Abstract The failure of most cancer therapies is the emergence of tumor cells that are refractory to available agent. Here we report that single-modality cancer therapy triggers broad-spectrum cross-resistance to multiple clinical interventions. This multi-modality resistance arises through a core metabolic reprogramming pathway instigated by loss of the ATP synthase subunit ATP5H, which sequentially leads to accumulation of reactive oxygen species and stabilization of HIF-1α under normoxia. Furthermore, we found that NANOG/HDAC1 axis regulates epigenetic loss of ATP5H, this pathway confers tumor cells a stem cell-like phenotype with features associated with metastatic capacity. ATP5H loss in the tumor is strongly linked to failure of therapy, and poor survival in cancer patients. Integration of these biological features provides the best basis for understanding patient outcome in this setting and suggests that loss of ATP5H shapes the tumor resistance to multiple anti-tumor therapy. Citation Format: Suyeon Kim, Kwon-Ho Song, Tae-Woo Kim.
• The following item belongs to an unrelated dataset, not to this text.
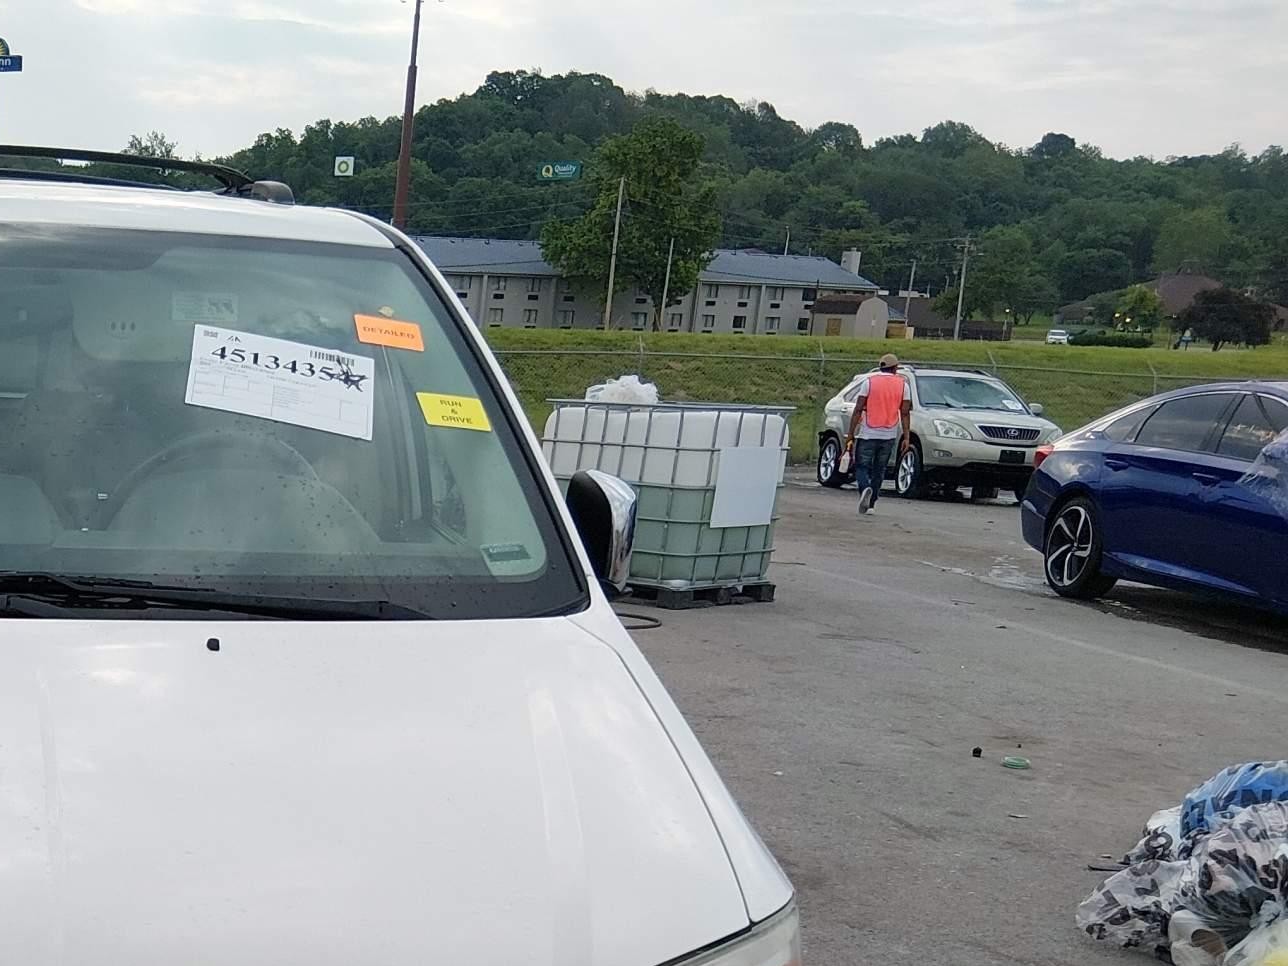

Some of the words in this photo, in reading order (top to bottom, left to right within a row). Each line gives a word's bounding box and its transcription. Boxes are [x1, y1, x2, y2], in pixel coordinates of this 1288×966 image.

[554, 163, 577, 174] Quality
[362, 325, 416, 340] DETAILED
[439, 399, 462, 408] RUN
[441, 415, 473, 425] DRIVE
HDAC1 -dependent epigenetic loss of ATP5H confers a stem cell-like phenotype with features associated with metastatic capacity through mitochondrial reprogramming [abstract]. In: Proceedings of the American Association for Cancer Research Annual Meeting 2019; 2019 Mar 29-Apr 3; Atlanta, GA. Philadelphia (PA): AACR; Cancer Res 2019;79(13 Suppl):Abstract nr 807.